- [TASK OBJECTIVE] Write out exactly the lines below that run from the line containing "this 1280×1689 image." through the last line of the records.

- [RECORDS TO PROCESS]
* * * *

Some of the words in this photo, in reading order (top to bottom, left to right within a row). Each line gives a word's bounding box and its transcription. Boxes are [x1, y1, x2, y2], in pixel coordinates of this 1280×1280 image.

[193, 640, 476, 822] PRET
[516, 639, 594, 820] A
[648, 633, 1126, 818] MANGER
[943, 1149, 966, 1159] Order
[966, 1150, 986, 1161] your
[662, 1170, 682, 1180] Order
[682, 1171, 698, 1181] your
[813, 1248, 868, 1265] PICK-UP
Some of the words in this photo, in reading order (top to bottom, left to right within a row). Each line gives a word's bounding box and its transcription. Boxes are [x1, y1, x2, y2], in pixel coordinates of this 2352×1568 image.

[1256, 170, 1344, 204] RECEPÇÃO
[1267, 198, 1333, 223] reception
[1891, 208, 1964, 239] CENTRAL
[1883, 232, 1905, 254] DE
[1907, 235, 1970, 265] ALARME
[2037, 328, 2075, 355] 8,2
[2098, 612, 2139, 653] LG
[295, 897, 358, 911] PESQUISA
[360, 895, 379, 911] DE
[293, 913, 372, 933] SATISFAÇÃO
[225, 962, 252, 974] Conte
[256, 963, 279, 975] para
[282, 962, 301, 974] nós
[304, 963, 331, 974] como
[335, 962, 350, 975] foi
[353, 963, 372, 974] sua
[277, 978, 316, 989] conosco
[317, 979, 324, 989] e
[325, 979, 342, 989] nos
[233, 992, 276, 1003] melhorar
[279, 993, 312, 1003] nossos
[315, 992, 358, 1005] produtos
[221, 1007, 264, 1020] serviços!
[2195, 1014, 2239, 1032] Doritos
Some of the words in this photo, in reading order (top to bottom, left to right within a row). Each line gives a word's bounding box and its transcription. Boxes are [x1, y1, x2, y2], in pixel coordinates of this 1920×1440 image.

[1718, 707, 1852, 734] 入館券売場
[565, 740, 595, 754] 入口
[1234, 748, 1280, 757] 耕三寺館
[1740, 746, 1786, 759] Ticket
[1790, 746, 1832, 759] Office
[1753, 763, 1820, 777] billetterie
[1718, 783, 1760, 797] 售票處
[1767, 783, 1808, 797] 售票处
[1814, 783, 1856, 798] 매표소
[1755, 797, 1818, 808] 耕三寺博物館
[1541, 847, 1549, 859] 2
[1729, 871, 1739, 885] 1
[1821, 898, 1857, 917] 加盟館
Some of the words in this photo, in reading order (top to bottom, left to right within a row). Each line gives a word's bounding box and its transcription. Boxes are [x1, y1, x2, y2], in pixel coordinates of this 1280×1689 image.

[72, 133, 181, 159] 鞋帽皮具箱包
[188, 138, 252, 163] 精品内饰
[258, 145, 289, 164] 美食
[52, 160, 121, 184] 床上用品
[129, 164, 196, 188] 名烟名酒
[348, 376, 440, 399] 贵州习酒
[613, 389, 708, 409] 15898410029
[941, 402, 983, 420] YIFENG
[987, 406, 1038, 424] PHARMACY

* * * *

- [RESPONSE]
Some of the words in this photo, in reading order (top to bottom, left to right within a row). Each line gives a word's bounding box and its transcription. Boxes are [x1, y1, x2, y2], in pixel coordinates of this 1280×1689 image.

[72, 133, 181, 159] 鞋帽皮具箱包
[188, 138, 252, 163] 精品内饰
[258, 145, 289, 164] 美食
[52, 160, 121, 184] 床上用品
[129, 164, 196, 188] 名烟名酒
[348, 376, 440, 399] 贵州习酒
[613, 389, 708, 409] 15898410029
[941, 402, 983, 420] YIFENG
[987, 406, 1038, 424] PHARMACY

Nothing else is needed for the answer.